Funzioni del testicolo
- Produzione di spermatozoi
- Sintesi di testosterone
- Fertilità
- Caratteristiche sessuali maschili
Queste funzioni assicurano differenziazione e mantenimento delle caratteristiche sessuali maschili.
Testicolo: anatomia funzionale
È costituito da due compartimenti strutturali distinti: compartimento delle cellule interstiziali, cellule di Leydig, cellule germinali e cellule di Sertoli.
Il compartimento delle cellule di Leydig e delle cellule germinali e cellule di Sertoli è responsabile delle due principali funzioni testicolari. I due compartimenti sono rappresentati rispettivamente dalla produzione di androgeni e di spermatozoi.
La parete dei tubuli seminiferi è costituita da cellule germinali in vari stadi di maturazione, intercalate a cellule di Sertoli.
Cellule di Sertoli
Le cellule di Sertoli sostengono e proteggono le cellule germinali in via di differenziazione e svolgono un ruolo.

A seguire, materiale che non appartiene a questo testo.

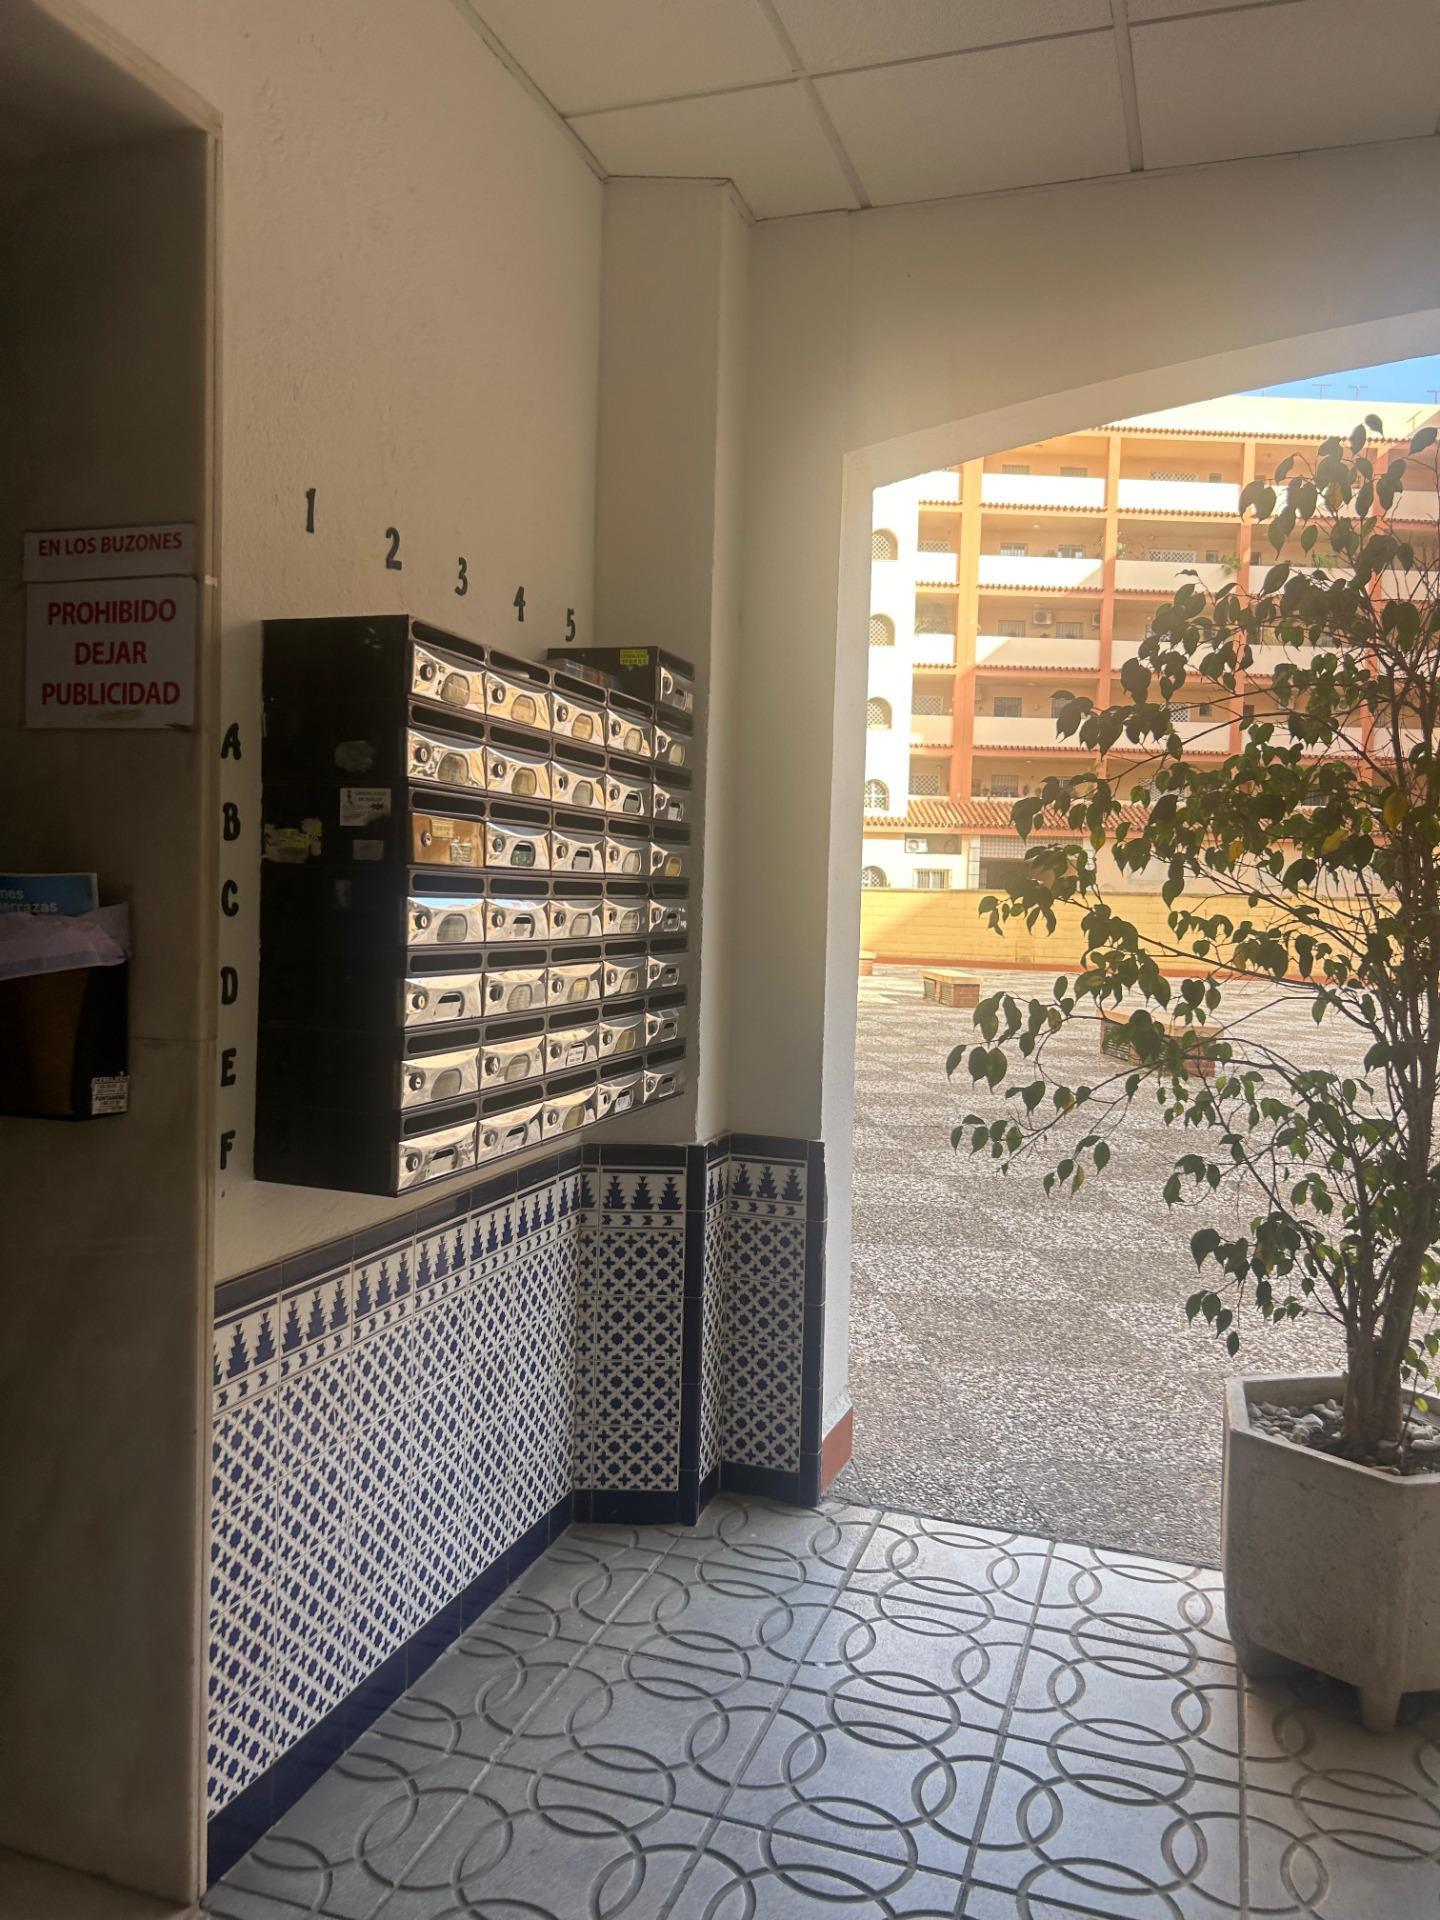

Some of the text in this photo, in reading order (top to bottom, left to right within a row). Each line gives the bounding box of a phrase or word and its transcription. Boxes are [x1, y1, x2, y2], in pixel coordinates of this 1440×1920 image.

Le cellule di Sertoli sostengono e proteggono le cellule germinali in via di differenziazione e svolgono un ruolo metabolico fornendo lipidi, glicogeno e lattato alle cellule germinali che sono incapaci di utilizzare direttamente il glucosio. Inoltre, intervengono nella regolazione endocrino-funzionale delle varie fasi della spermatogenesi mediante la produzione di molecole altamente specializzate come l’Androgen Binding Protein (ABP), l’inibina e altre sostanze proteiche.
Cellule di Leydig
Costituiscono il 5% del volume testicolare totale.
- Producono androgeni, in particolare testosterone, necessari per indurre la differenziazione sessuale dei genitali esterni.
Asse ipotalamo-ipofisi-testicolo
A livello ipotalamico viene rilasciato il GnRH che stimola l’ipofisi a produrre le gonadotropine FSH e LH.
- Nei testicoli l’LH si lega a specifici recettori di membrana delle cellule di Leydig e stimola la produzione di testosterone.
L’FSH si lega a specifici recettori di membrana delle cellule di Sertoli e stimola la secrezione testicolare e di una varietà di proteine con diverse ed importanti funzioni per la spermatogenesi.
- Il testosterone è in grado di inibire la secrezione di LH prevalentemente attraverso l’azione a livello ipotalamico dove riduce la frequenza e l’ampiezza dei picchi di GnRH.
- L’inibina, prodotta dalle cellule di Sertoli, agisce direttamente a livello ipofisario dove inibisce selettivamente la secrezione dell’FSH.
Androgeni testicolari
- Il principale prodotto della secrezione ormonale testicolare è rappresentato dal testosterone; il testicolo produce inoltre, in minor quantità, androstenedione, deidroepiandrosterone, diidrotestosterone (DHT) ed estradiolo (E2).
Metabolismo del testosterone
- La maggior parte del testosterone plasmatico viene captata e metabolizzata a livello epatico con formazione di numerosi metaboliti inattivi che vengono escreti nelle urine.